In Greece, the Phaedriades (Φαιδριάδες, meaning "the shining ones") are the pair of cliffs, ca 700 m high on the lower southern slope of Mt. Parnassos, which rise above the sacred site of Delphi. Strabo, Plutarch and Pausanias all mentioned the Phaedriades when describing the site, a narrow valley of the Pleistos (today Xeropotamos) formed by Parnassos and Mount Cirphis. Between them rises the Castalian Spring. Even nowadays, at noontime, the rock surfaces reflect a dazzling glare.

==Geology==
The Phaedriades consist of dark limestone formed in the Jurassic period.

==Historical narrations==
Herodotus mentions that during the Persian invasion of Greece in 480 B.C. Apollo sent an oracle to the priests of Delphi saying that he would defend his sacred site himself.

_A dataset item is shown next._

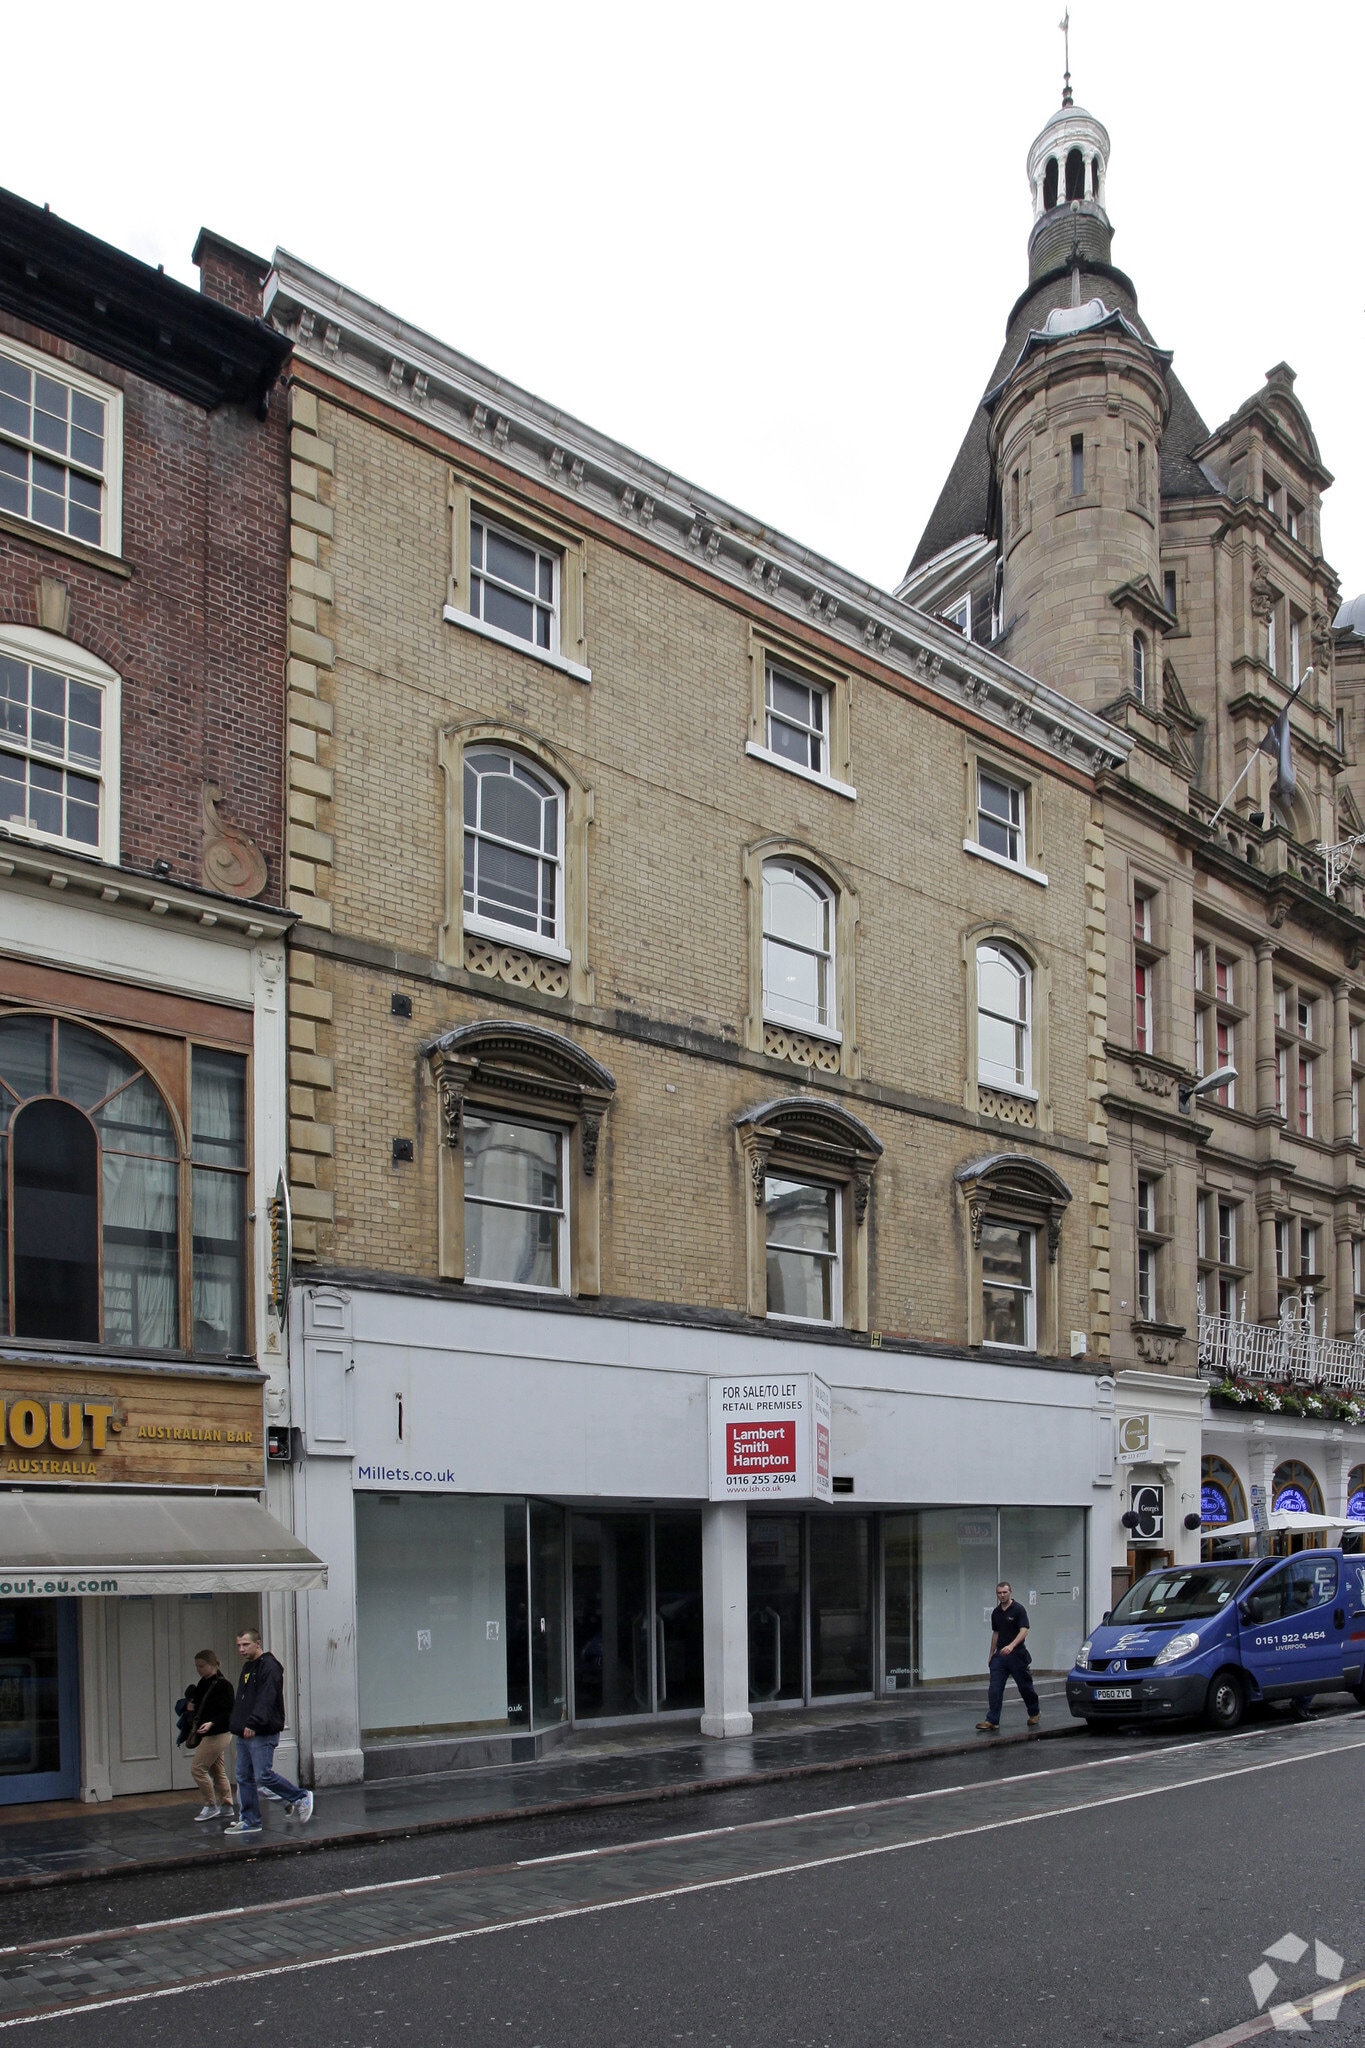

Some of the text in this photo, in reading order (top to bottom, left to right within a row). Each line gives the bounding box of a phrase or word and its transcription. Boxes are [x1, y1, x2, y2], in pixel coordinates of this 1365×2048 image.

The priests thus refused the offer of the Athenians to help. Indeed, as the Persian army approached, thunderbolts fell from the sky and killed several of the enemy. Defensive weapons appeared magically in front of the temple of Apollo and of that of Athena Pronaia. Finally, as the Persians reached the Phaedriades, boulders cleaved from the cliffs and, without hitting the monuments and the sacred site, fell on the Persians and crushed them. Herodotus mentions that in his day, one could see these rocks embedded in the ground within the sacred precinct of Athena Pronaia.

It is also claimed that in antiquity, those who committed sacrilege against the sanctuary were thrown from the cliffs.